(Annotated photo localization data):
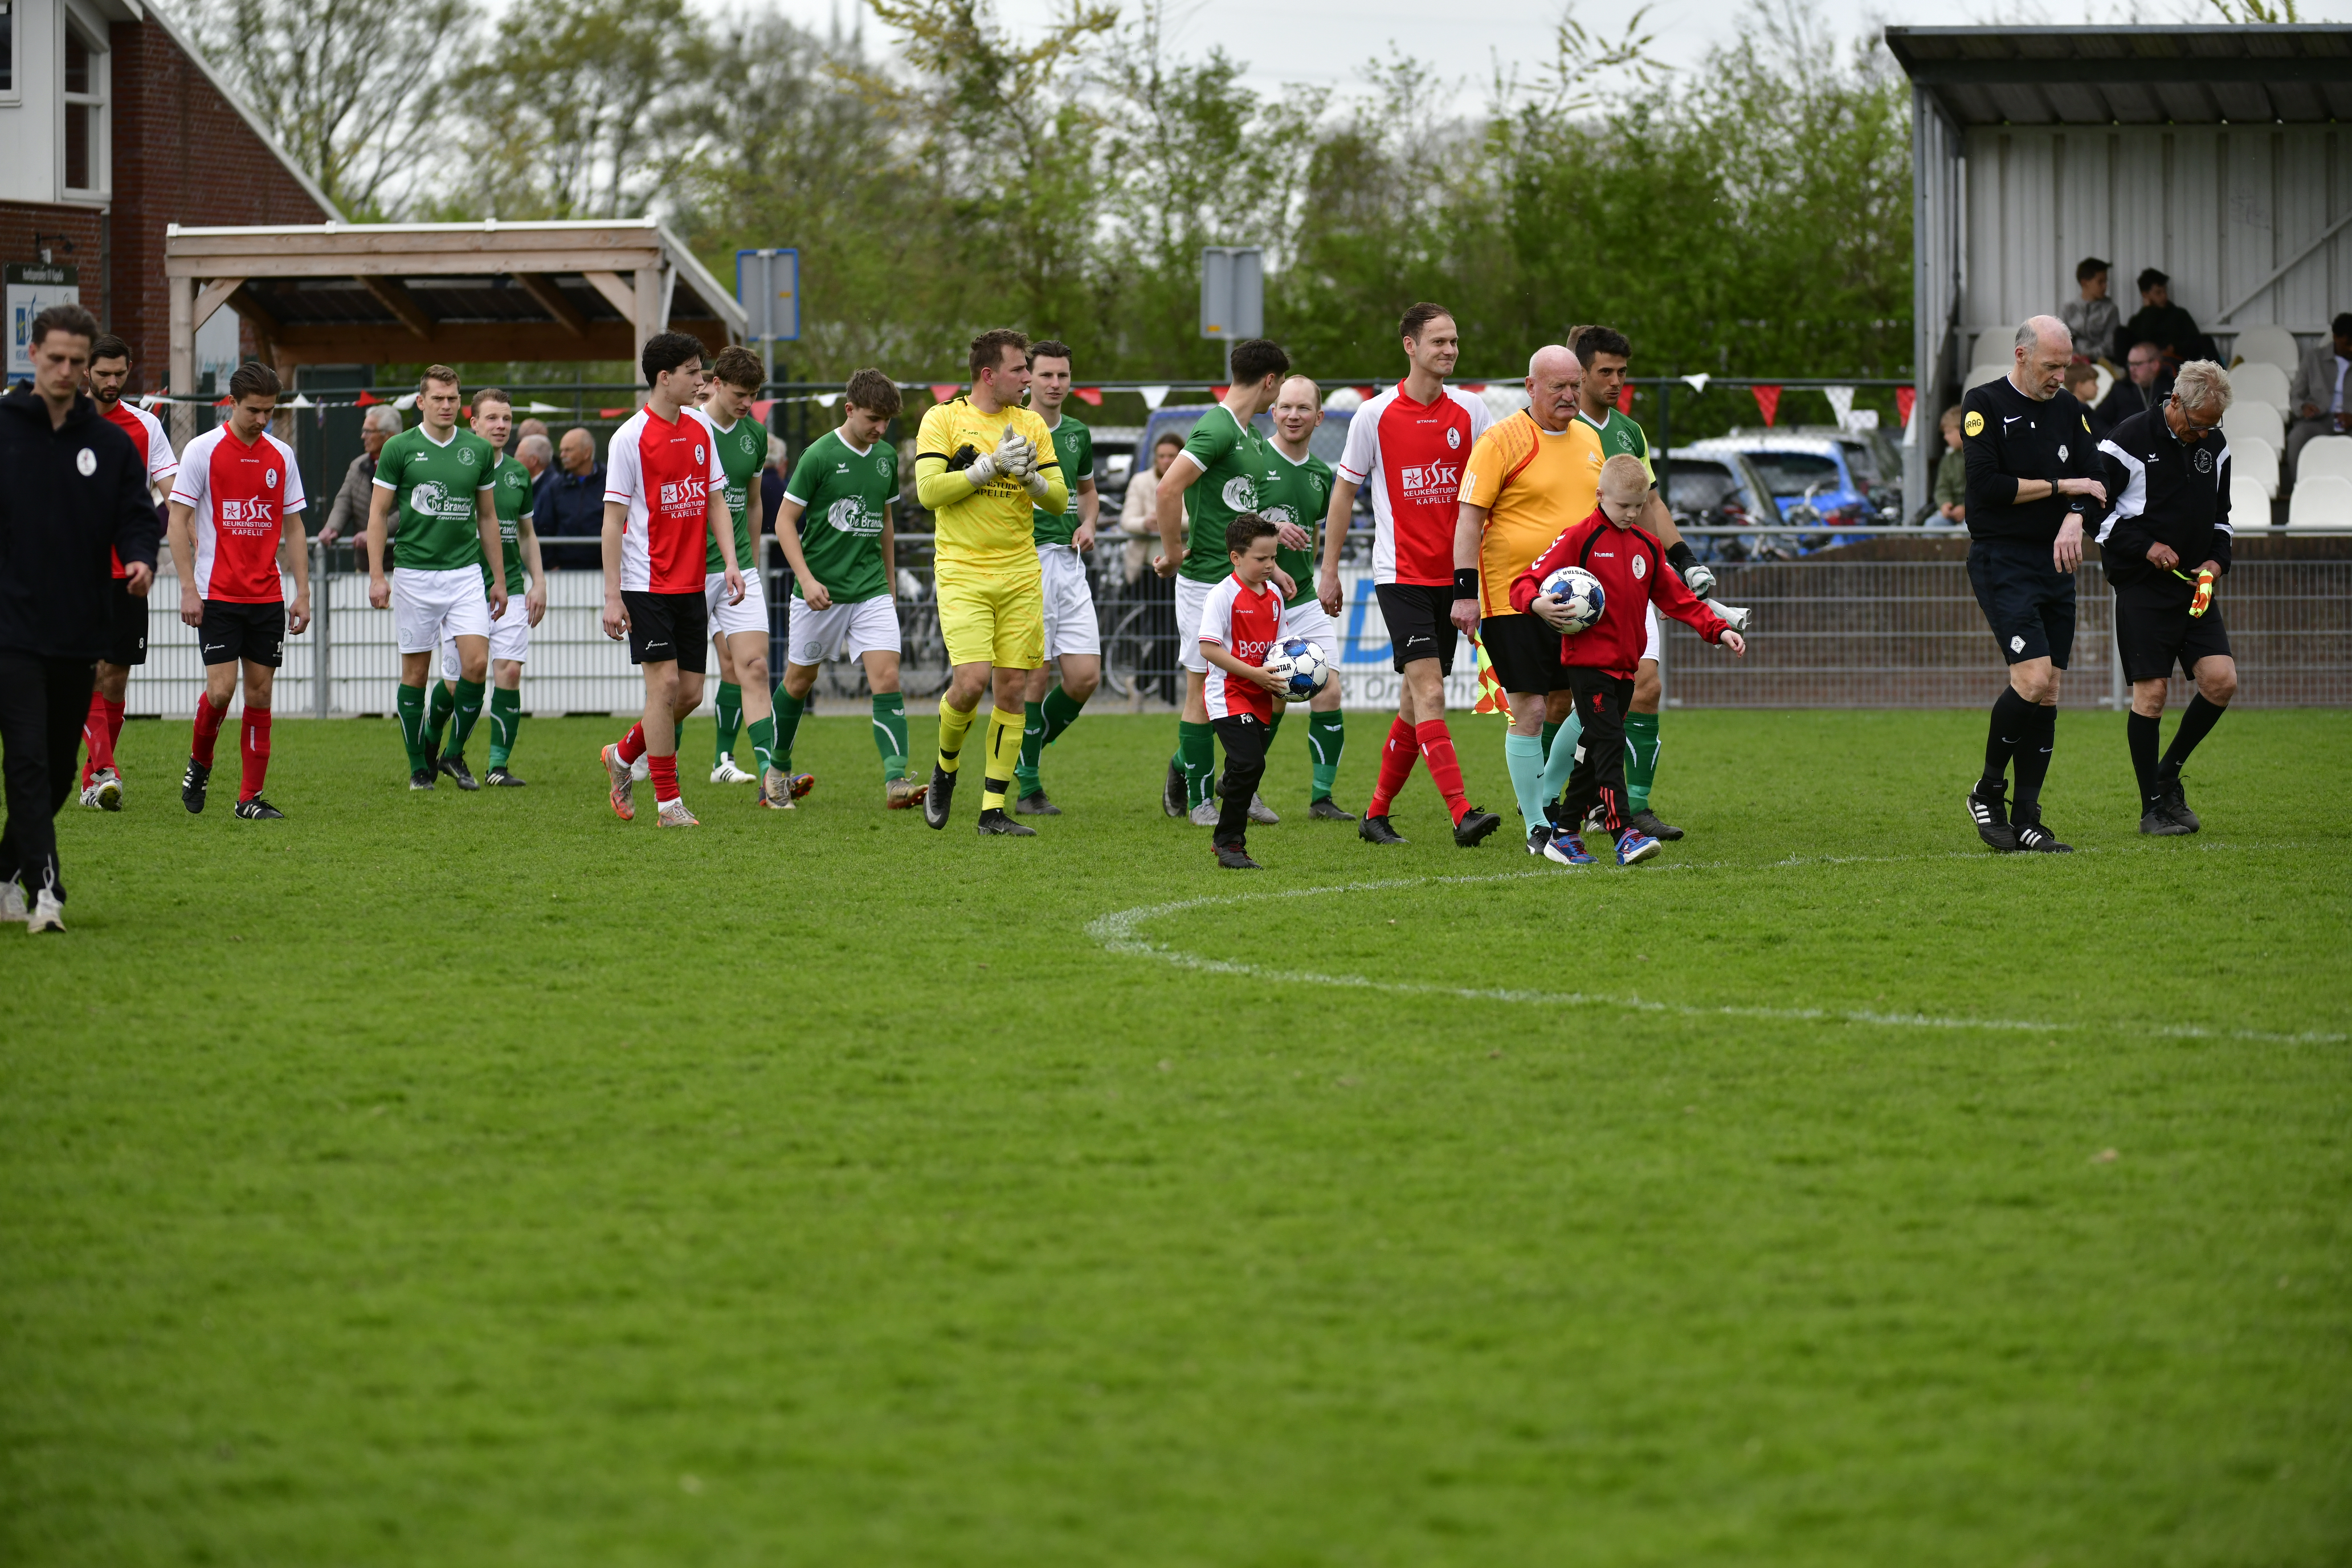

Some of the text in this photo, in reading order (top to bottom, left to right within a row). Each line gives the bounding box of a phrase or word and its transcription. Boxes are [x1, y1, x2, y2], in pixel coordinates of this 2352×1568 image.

[1966, 419, 1981, 430] ARAG
[1424, 458, 1457, 489] SSK
[679, 473, 706, 503] SSK
[985, 480, 1022, 491] NSTUDIO
[974, 489, 1011, 498] APELLE
[1403, 487, 1457, 497] KEUKENSTUDIO
[1416, 496, 1451, 505] KAPELLE
[242, 495, 272, 522] SSK
[671, 509, 701, 518] KAPELLE
[1562, 570, 1597, 582] DERBYSTAR
[138, 637, 144, 649] 8

(WHAT TO DO): For each line above, output its wording exactly and leave out any picture.

(WRITTEN SOLUTION):
Some of the text in this photo, in reading order (top to bottom, left to right within a row). Each line gives the bounding box of a phrase or word and its transcription. Boxes are [x1, y1, x2, y2], in pixel coordinates of this 2352×1568 image.

[1966, 419, 1981, 430] ARAG
[1424, 458, 1457, 489] SSK
[679, 473, 706, 503] SSK
[985, 480, 1022, 491] NSTUDIO
[974, 489, 1011, 498] APELLE
[1403, 487, 1457, 497] KEUKENSTUDIO
[1416, 496, 1451, 505] KAPELLE
[242, 495, 272, 522] SSK
[671, 509, 701, 518] KAPELLE
[1562, 570, 1597, 582] DERBYSTAR
[138, 637, 144, 649] 8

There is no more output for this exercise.